/---
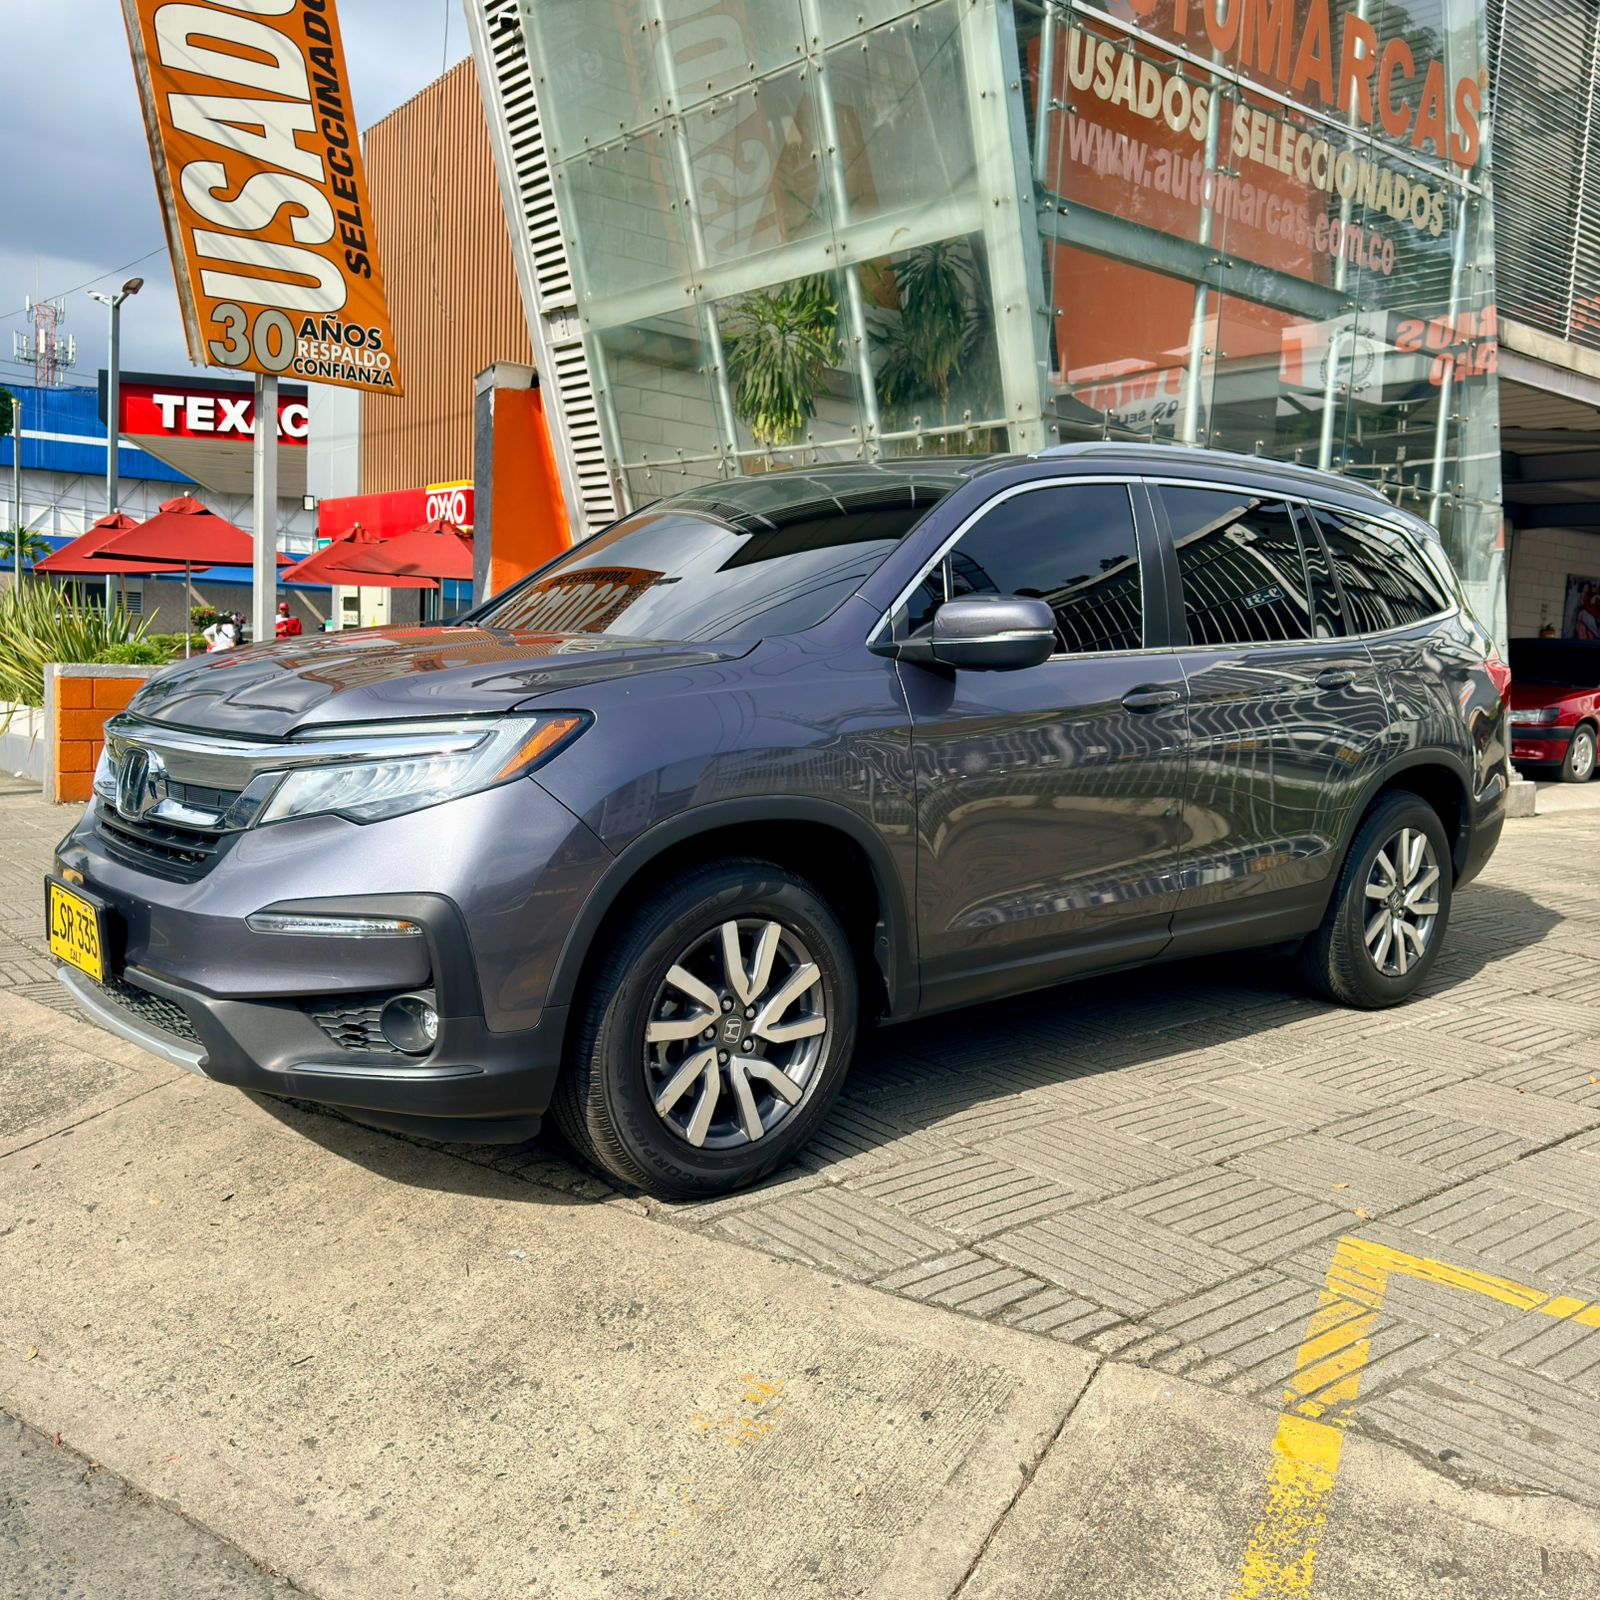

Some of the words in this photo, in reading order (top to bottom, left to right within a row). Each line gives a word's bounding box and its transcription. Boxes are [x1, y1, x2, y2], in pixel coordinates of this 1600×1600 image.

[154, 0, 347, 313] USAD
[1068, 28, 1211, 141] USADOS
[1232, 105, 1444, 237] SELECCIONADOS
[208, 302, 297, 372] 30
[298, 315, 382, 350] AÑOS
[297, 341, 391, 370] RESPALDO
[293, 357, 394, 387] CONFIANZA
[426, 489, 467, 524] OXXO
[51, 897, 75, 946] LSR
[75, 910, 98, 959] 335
\---
- [Exercise]
Restate the records above exactly, less any pictures.

- [Task result]
Some of the words in this photo, in reading order (top to bottom, left to right within a row). Each line gives a word's bounding box and its transcription. Boxes are [x1, y1, x2, y2], in pixel coordinates of this 1600×1600 image.

[154, 0, 347, 313] USAD
[1068, 28, 1211, 141] USADOS
[1232, 105, 1444, 237] SELECCIONADOS
[208, 302, 297, 372] 30
[298, 315, 382, 350] AÑOS
[297, 341, 391, 370] RESPALDO
[293, 357, 394, 387] CONFIANZA
[426, 489, 467, 524] OXXO
[51, 897, 75, 946] LSR
[75, 910, 98, 959] 335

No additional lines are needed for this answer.